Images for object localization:
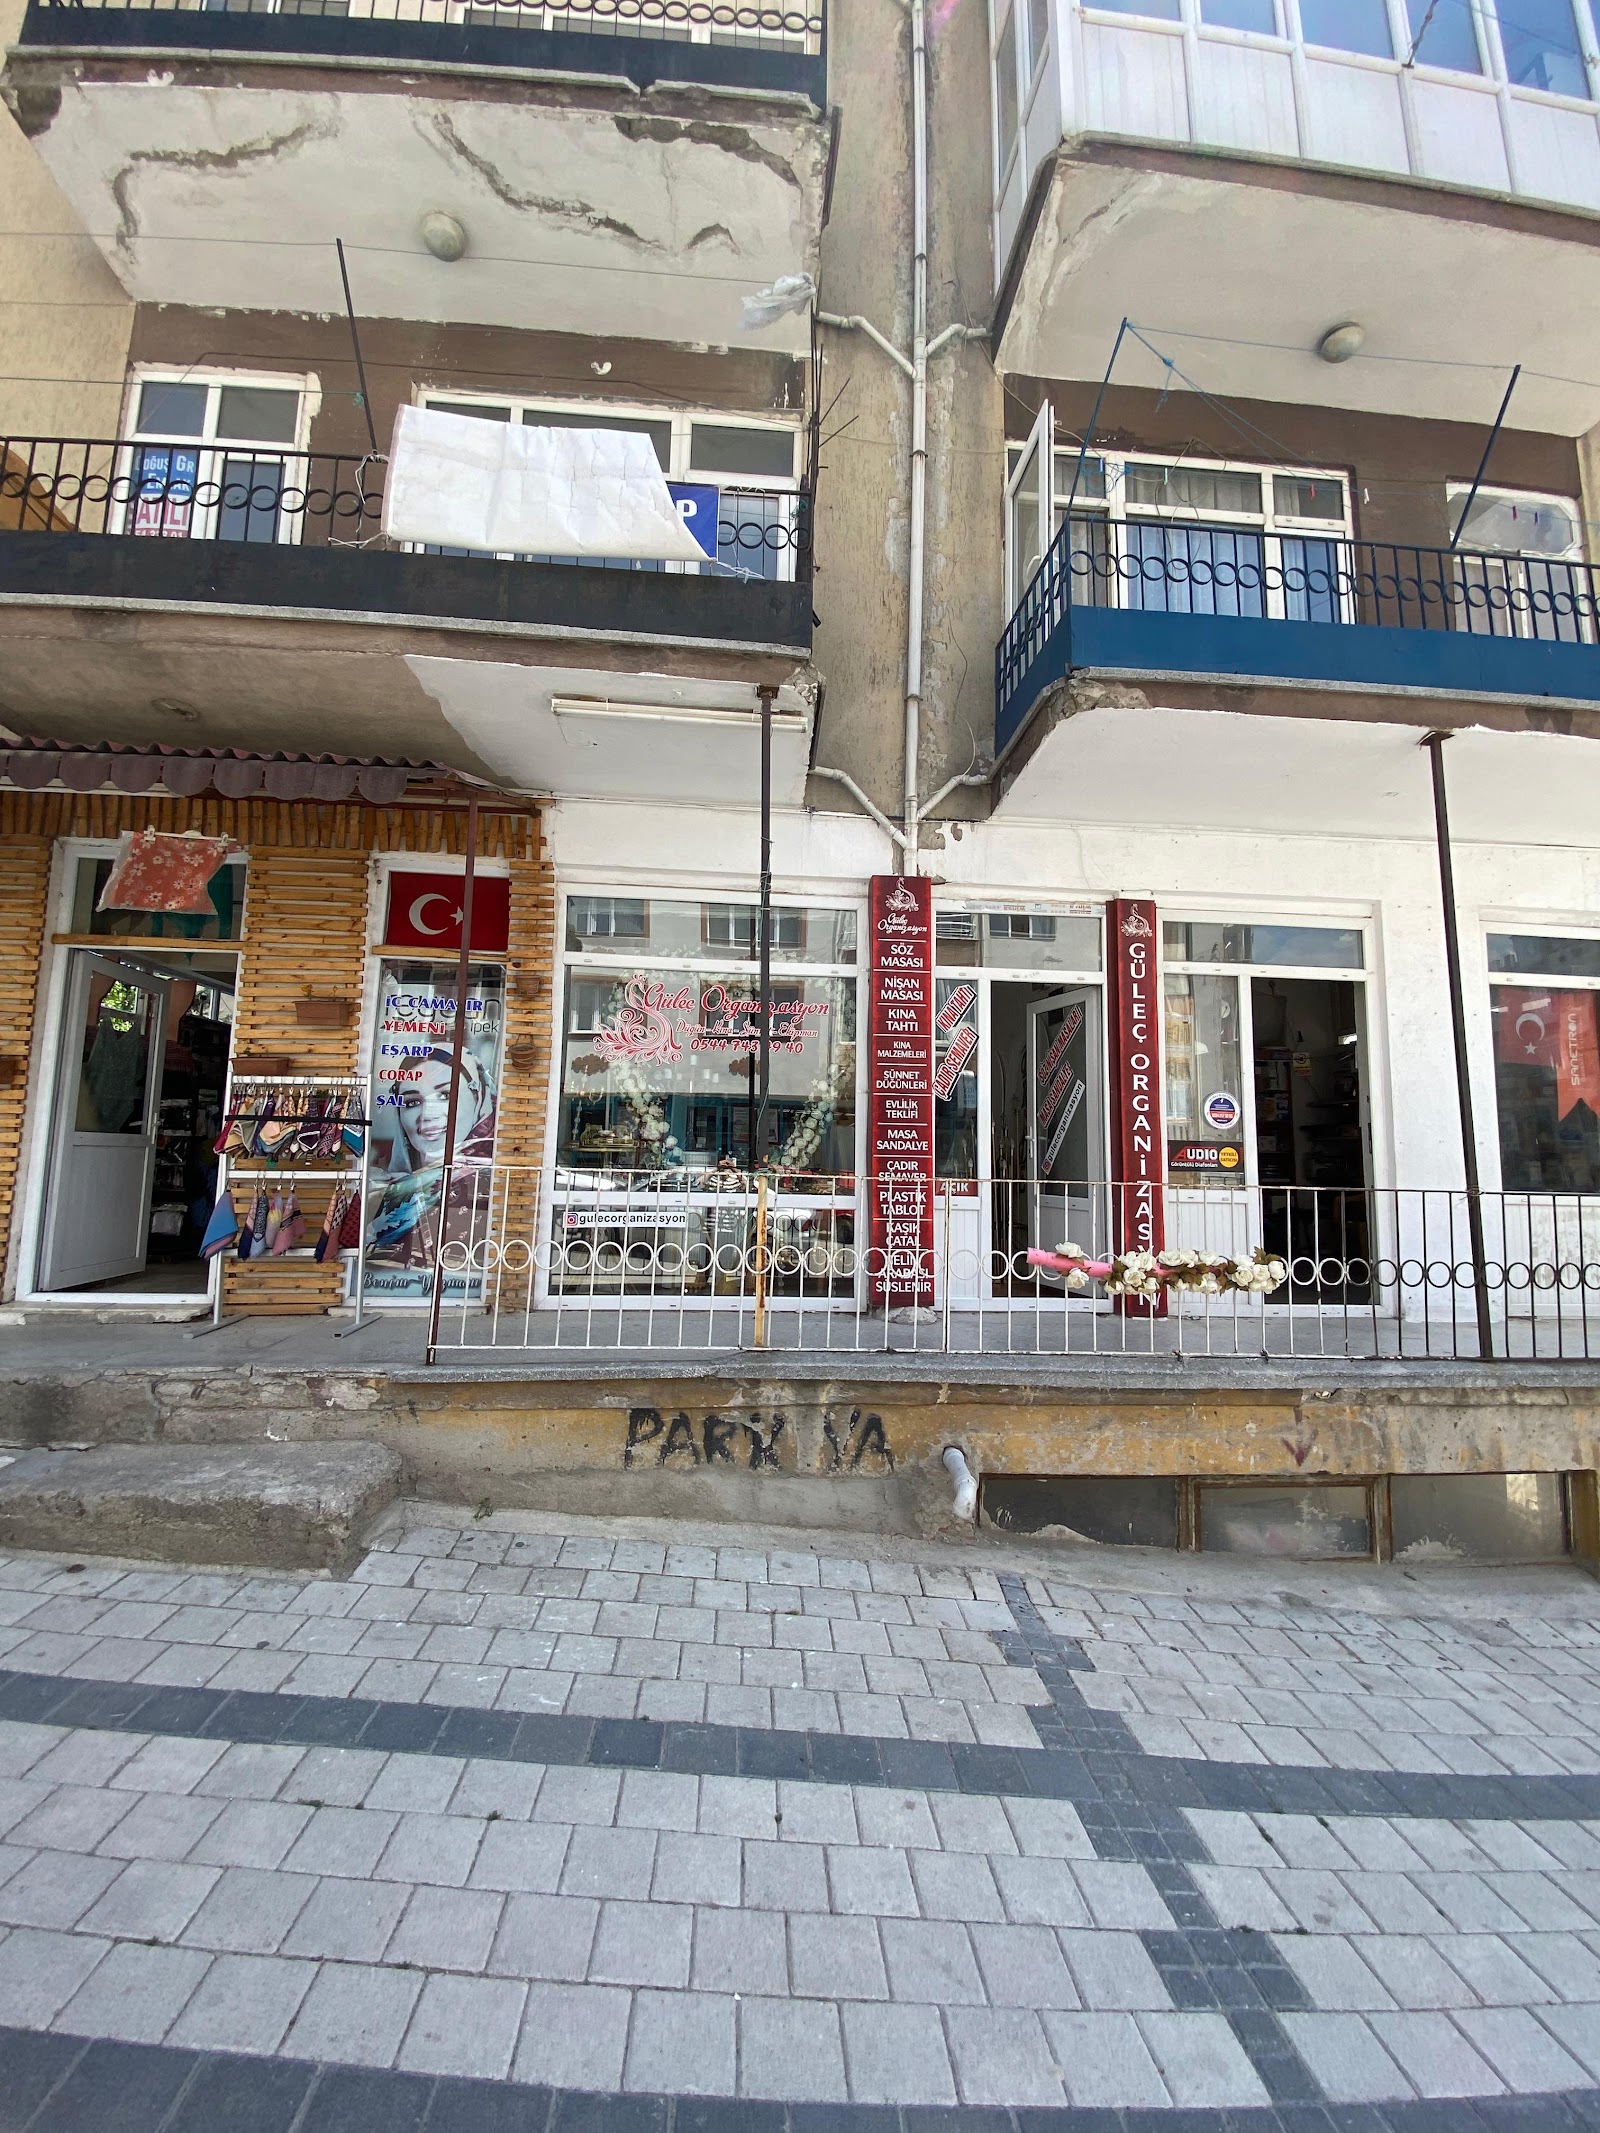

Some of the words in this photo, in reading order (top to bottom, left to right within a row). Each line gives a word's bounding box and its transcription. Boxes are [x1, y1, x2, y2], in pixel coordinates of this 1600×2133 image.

[147, 473, 190, 491] EMAK
[877, 919, 927, 935] Organizasyon
[891, 942, 914, 955] SÖZ
[881, 956, 923, 967] MASASI
[885, 975, 919, 990] NİŞAN
[881, 990, 923, 1000] MASASI
[1129, 943, 1148, 1043] GÜLEÇ
[408, 997, 483, 1011] ÇAMAIR
[644, 983, 696, 1013] Güleç
[702, 985, 829, 1022] Organzasyon
[888, 1008, 916, 1019] KINA
[937, 1003, 956, 1031] KINA
[470, 1021, 500, 1035] ipek
[886, 1021, 918, 1031] TAHTI
[690, 1039, 728, 1051] 0544
[732, 1040, 760, 1052] 743
[785, 1041, 803, 1053] 40
[894, 1041, 911, 1049] KINA
[946, 1028, 976, 1071] SEMAVER
[1567, 1013, 1580, 1086] SANETRON
[381, 1045, 433, 1058] EŞARP
[877, 1049, 926, 1058] MALZEMELERİ
[379, 1070, 423, 1083] ÇORAP
[883, 1069, 919, 1080] SÜNNET
[876, 1080, 927, 1089] DÜĞÜNLERİ
[376, 1095, 407, 1109] ŞAL
[886, 1099, 918, 1108] EVLİLİK
[886, 1109, 918, 1118] TEKLİFİ
[888, 1130, 918, 1139] MASA
[877, 1141, 929, 1150] SANDALYE
[1173, 1146, 1218, 1160] AUDIO
[887, 1161, 918, 1172] ÇADIR
[878, 1172, 926, 1182] SEMAVER
[940, 1181, 969, 1194] AÇIK
[880, 1190, 927, 1202] PLASTİK
[881, 1205, 925, 1215] TABLOT
[579, 1213, 686, 1225] gulecorganizasyon
[886, 1223, 920, 1235] KAŞIK
[886, 1236, 921, 1248] ÇATAL
[876, 1279, 931, 1292] SÜSLENİR

*Activity*.
Once the pictures are set aside, repeat the data above exactly.

*Finished task*.
Some of the words in this photo, in reading order (top to bottom, left to right within a row). Each line gives a word's bounding box and its transcription. Boxes are [x1, y1, x2, y2], in pixel coordinates of this 1600×2133 image.

[147, 473, 190, 491] EMAK
[877, 919, 927, 935] Organizasyon
[891, 942, 914, 955] SÖZ
[881, 956, 923, 967] MASASI
[885, 975, 919, 990] NİŞAN
[881, 990, 923, 1000] MASASI
[1129, 943, 1148, 1043] GÜLEÇ
[408, 997, 483, 1011] ÇAMAIR
[644, 983, 696, 1013] Güleç
[702, 985, 829, 1022] Organzasyon
[888, 1008, 916, 1019] KINA
[937, 1003, 956, 1031] KINA
[470, 1021, 500, 1035] ipek
[886, 1021, 918, 1031] TAHTI
[690, 1039, 728, 1051] 0544
[732, 1040, 760, 1052] 743
[785, 1041, 803, 1053] 40
[894, 1041, 911, 1049] KINA
[946, 1028, 976, 1071] SEMAVER
[1567, 1013, 1580, 1086] SANETRON
[381, 1045, 433, 1058] EŞARP
[877, 1049, 926, 1058] MALZEMELERİ
[379, 1070, 423, 1083] ÇORAP
[883, 1069, 919, 1080] SÜNNET
[876, 1080, 927, 1089] DÜĞÜNLERİ
[376, 1095, 407, 1109] ŞAL
[886, 1099, 918, 1108] EVLİLİK
[886, 1109, 918, 1118] TEKLİFİ
[888, 1130, 918, 1139] MASA
[877, 1141, 929, 1150] SANDALYE
[1173, 1146, 1218, 1160] AUDIO
[887, 1161, 918, 1172] ÇADIR
[878, 1172, 926, 1182] SEMAVER
[940, 1181, 969, 1194] AÇIK
[880, 1190, 927, 1202] PLASTİK
[881, 1205, 925, 1215] TABLOT
[579, 1213, 686, 1225] gulecorganizasyon
[886, 1223, 920, 1235] KAŞIK
[886, 1236, 921, 1248] ÇATAL
[876, 1279, 931, 1292] SÜSLENİR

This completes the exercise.